Murderers give up their civil rights when they kill someone because the law says murder is illegal.

Yet in times of war, murder is acceptable even if that war goes undeclared. There’s always a Gray area to the law, if people are smart enough to find it.

It’s the same argument Pro-Lifers vs Pro-Choice have:

1. Pro-Life by definition means there is ABSOLUTELY no circumstance that justifies abortion.

2. Pro-Choic says, there is ALWAYS a stipulation, or extenuating circumstance where the choice is directly up to the person involved.

Arguments, I’ve personally seen from Pro-Life: What if your 12 year old daughter was brutally raped and got pregnant. “Well in that case she should get an abortion, even more so if it’s medically relevant to her health.”

My response, “So you are in fact Pro-Choice not Pro-Life.”

There is no Gray area when it comes to being Pro-Life, that in fact is what being Pro-Choice is all about.
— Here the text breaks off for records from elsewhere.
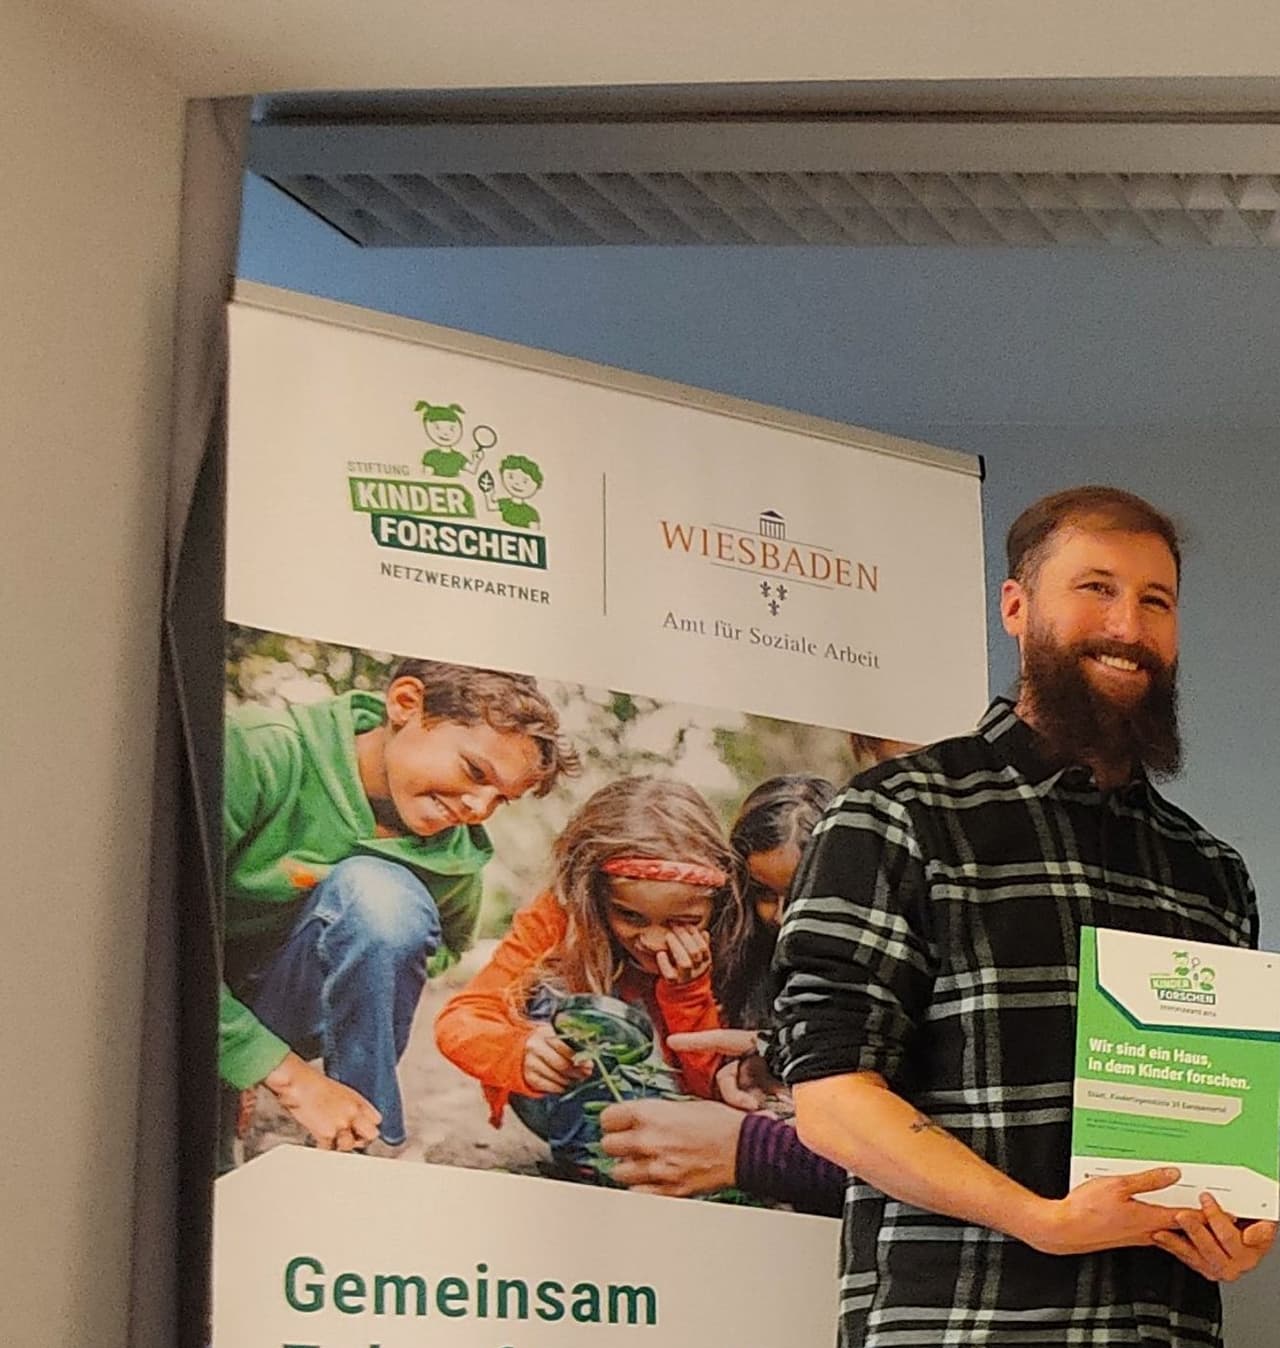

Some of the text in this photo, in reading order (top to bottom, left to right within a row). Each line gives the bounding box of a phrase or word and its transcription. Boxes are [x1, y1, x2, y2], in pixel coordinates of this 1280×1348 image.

[348, 461, 410, 476] STIFTUNG
[357, 482, 468, 514] KINDER
[379, 517, 539, 564] FORSCHEN
[661, 520, 879, 592] WIESBADEN
[380, 562, 550, 604] NETZWERKPARTNER
[663, 611, 880, 669] Amt für Soziale Arbeit
[1089, 1038, 1212, 1068] Wir sind ein Haus,
[1105, 1059, 1136, 1076] dem
[1138, 1063, 1184, 1081] Kinder
[1186, 1069, 1250, 1090] forschen.
[284, 1256, 657, 1326] Gemeinsam
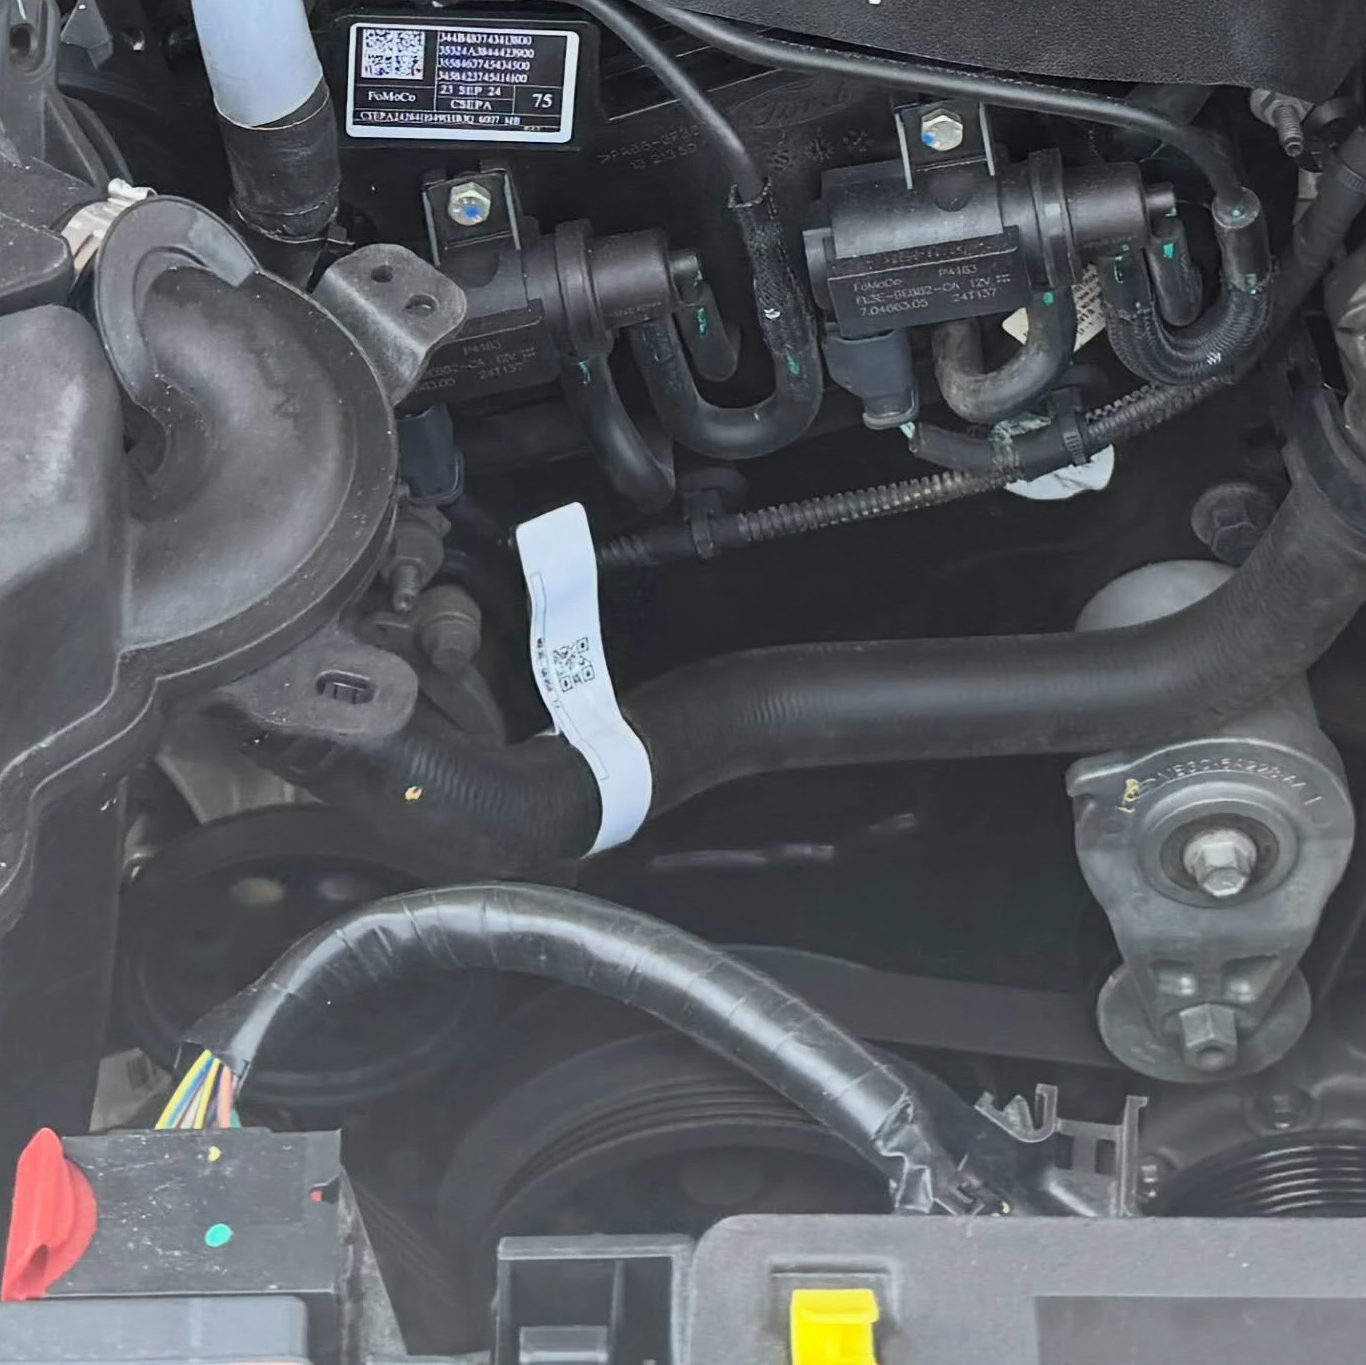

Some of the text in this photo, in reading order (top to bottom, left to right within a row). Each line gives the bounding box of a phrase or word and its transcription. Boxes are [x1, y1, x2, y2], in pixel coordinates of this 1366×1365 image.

[367, 90, 416, 103] FoMoCo
[440, 85, 502, 97] 23 SEP 24
[532, 93, 553, 109] 75
It considers the Gray aspect.

” The Law does not, unless it suits itself in an argument for justification.”

Don’t quote me but recently, I believe a law was passed that prevented employers from discriminating against employees based on credit worthiness. At least it’s a law on my state.

Bad credit vs good credit are not protected classes, but these company’s have to abide by the law. Same argument for smoking and non smokers. It’s just a legal form of discrimination and NO discrimination by definition, doesn’t have to be limited to a protected class.

Being Poor, and Broke, doesn’t make you disabled, or in a protected class. Yet the law is still there to protect people who can’t get jobs due to legal discrimination.

The same argument can be said for Smokers who are looking for employment.

It’s still discrimination no matter how you slice it.